Input material =>
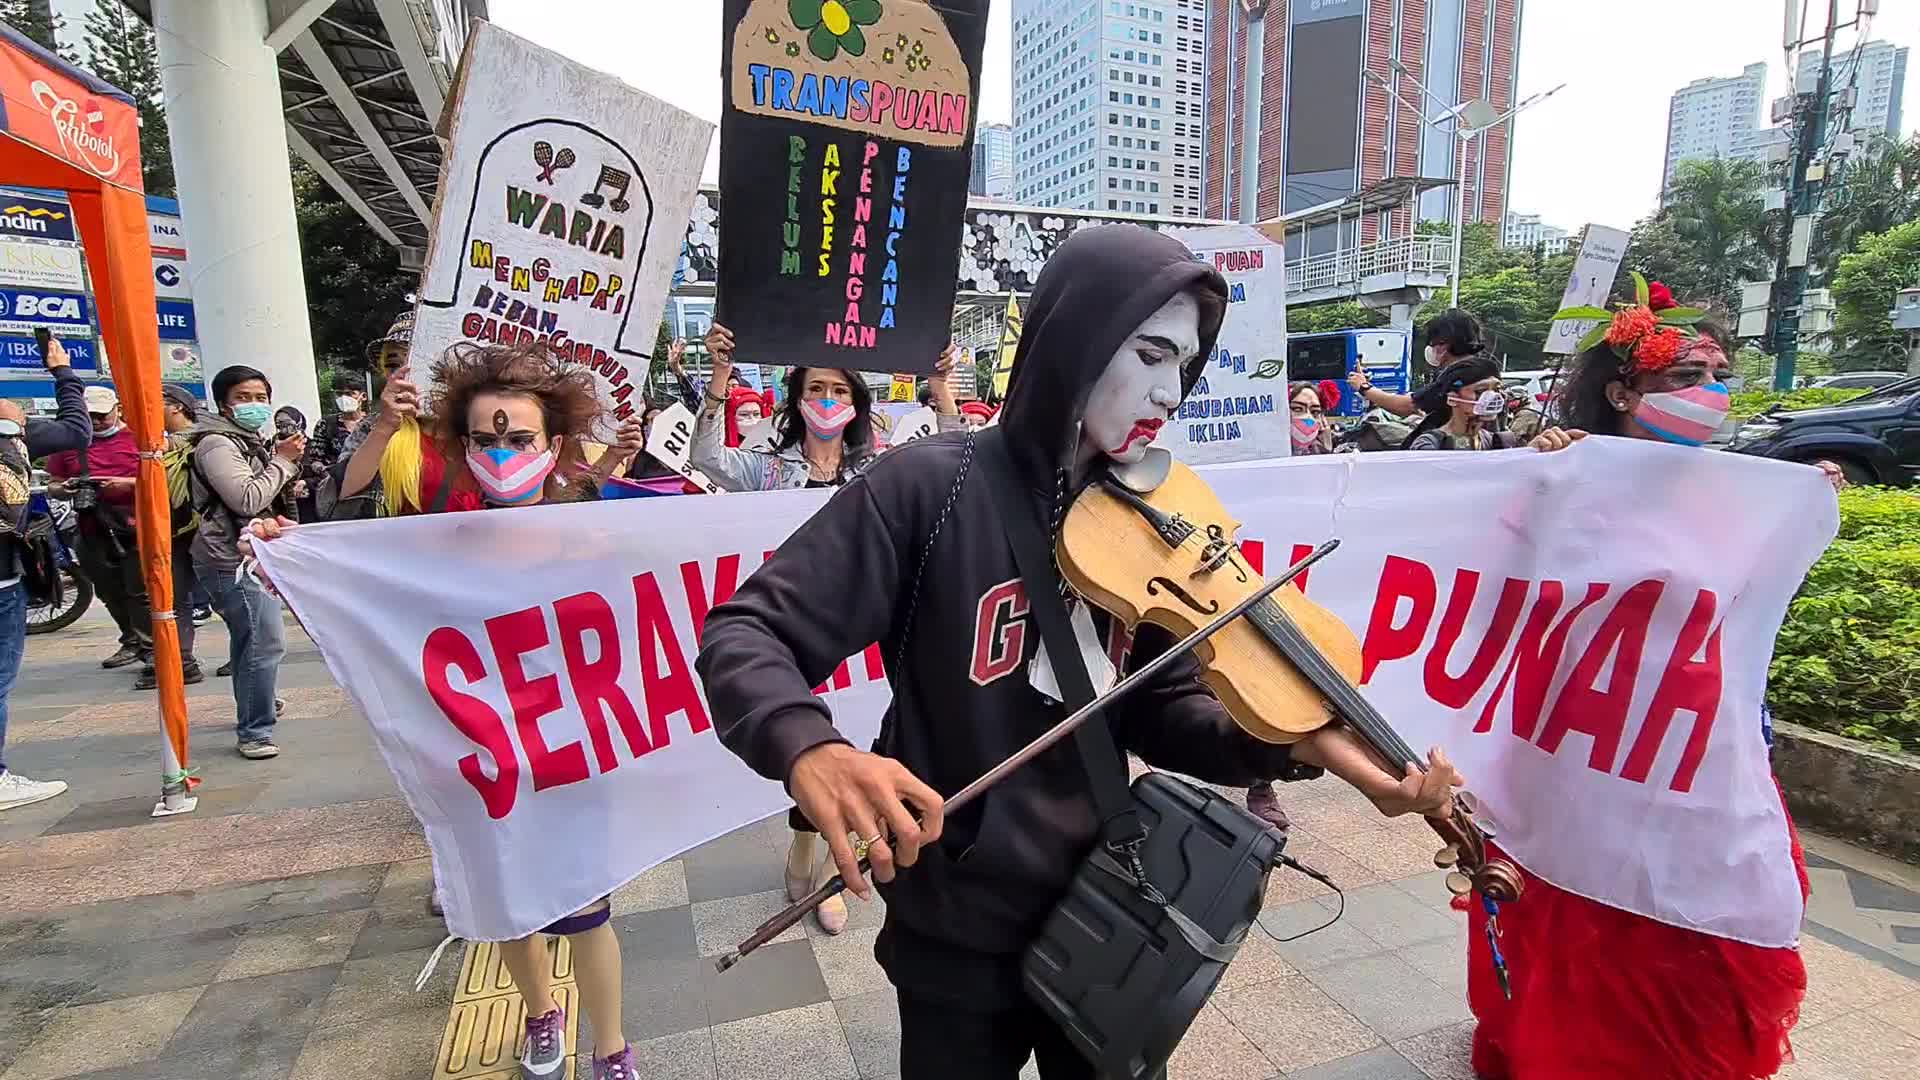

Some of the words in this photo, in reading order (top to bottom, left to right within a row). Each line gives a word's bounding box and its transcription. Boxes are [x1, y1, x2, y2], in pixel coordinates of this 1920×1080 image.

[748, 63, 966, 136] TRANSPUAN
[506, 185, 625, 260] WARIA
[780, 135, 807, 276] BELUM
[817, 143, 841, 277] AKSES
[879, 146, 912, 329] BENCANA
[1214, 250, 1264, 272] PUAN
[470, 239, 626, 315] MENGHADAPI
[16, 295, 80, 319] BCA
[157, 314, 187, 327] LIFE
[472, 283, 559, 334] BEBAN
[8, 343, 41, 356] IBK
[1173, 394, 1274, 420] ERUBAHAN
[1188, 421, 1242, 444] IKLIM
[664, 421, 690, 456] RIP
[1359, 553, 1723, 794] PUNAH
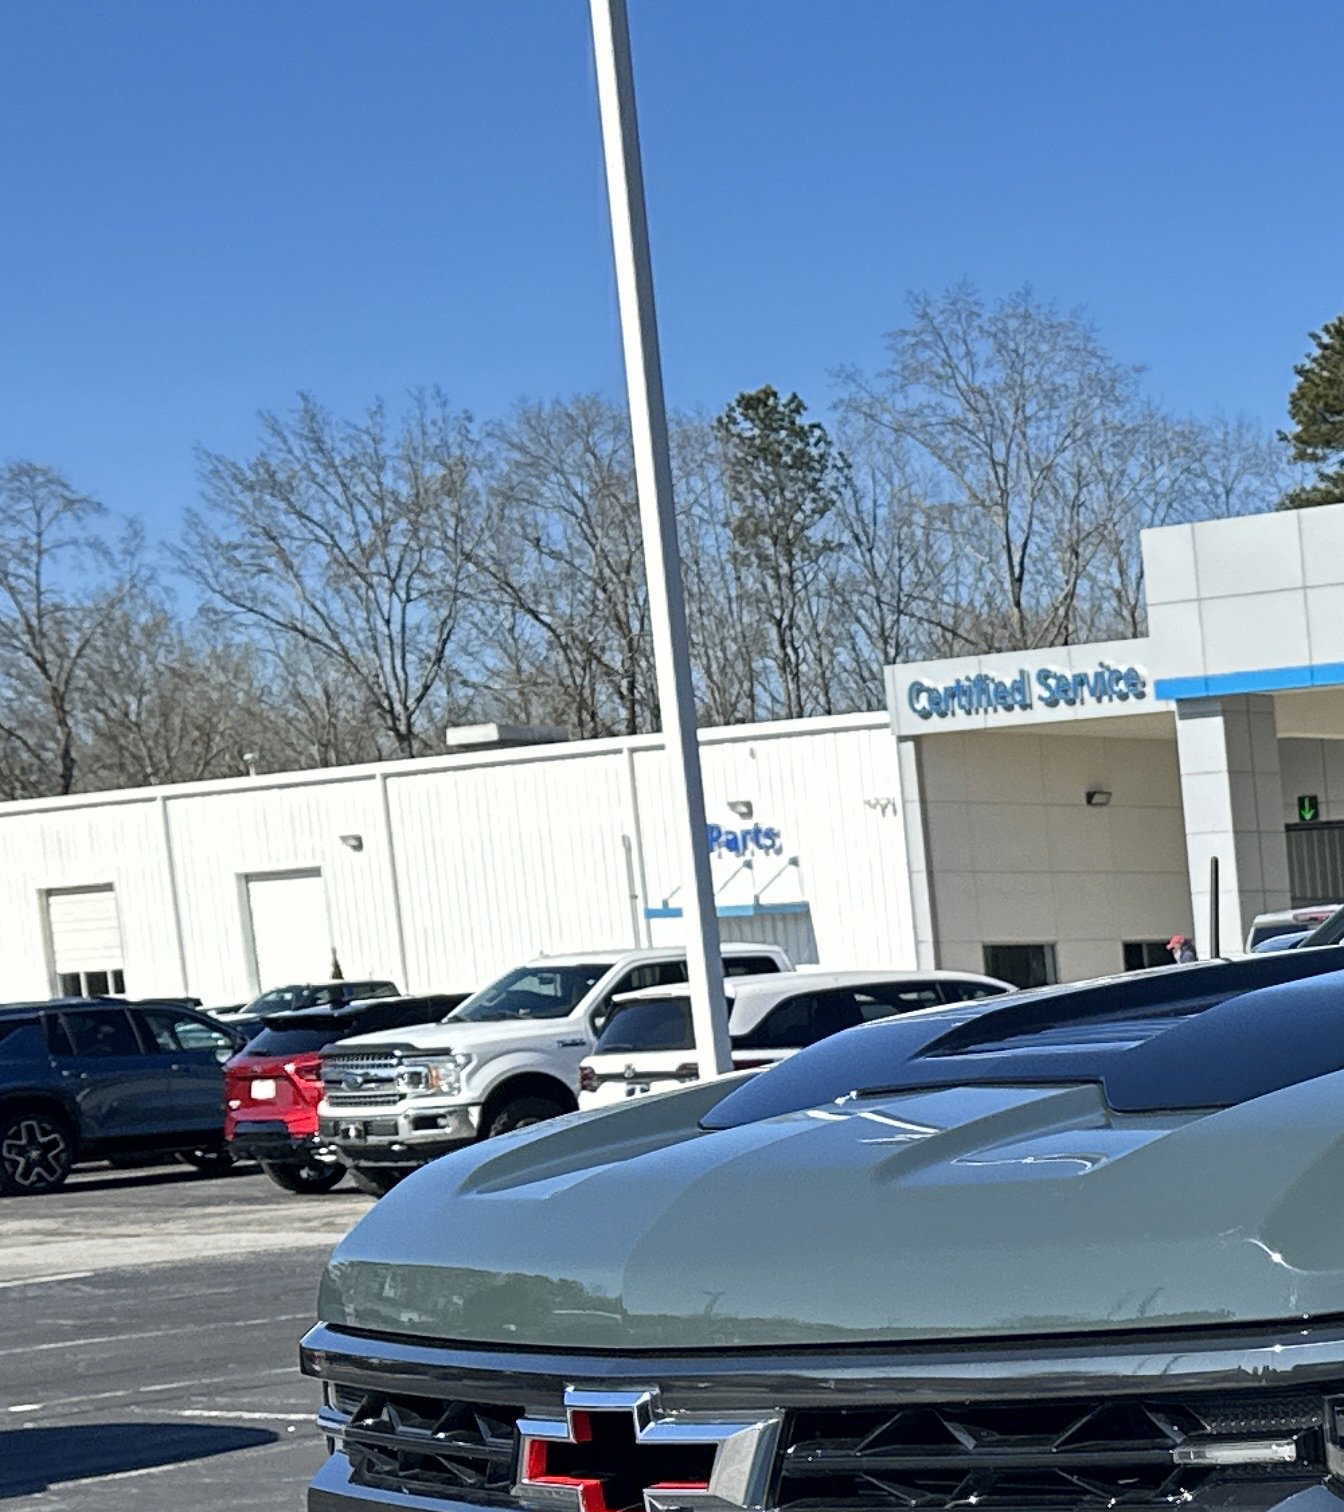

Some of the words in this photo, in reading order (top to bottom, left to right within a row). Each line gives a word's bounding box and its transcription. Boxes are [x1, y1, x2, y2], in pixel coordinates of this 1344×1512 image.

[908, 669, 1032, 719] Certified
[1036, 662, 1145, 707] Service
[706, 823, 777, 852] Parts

Goal of the exercise => Beginning at the line that holds "this 1344×1512 image.", copy every line through the end of the entries exactly as given, and only those lines.

Answer area =>
Some of the words in this photo, in reading order (top to bottom, left to right within a row). Each line gives a word's bounding box and its transcription. Boxes are [x1, y1, x2, y2], in pixel coordinates of this 1344×1512 image.

[908, 669, 1032, 719] Certified
[1036, 662, 1145, 707] Service
[706, 823, 777, 852] Parts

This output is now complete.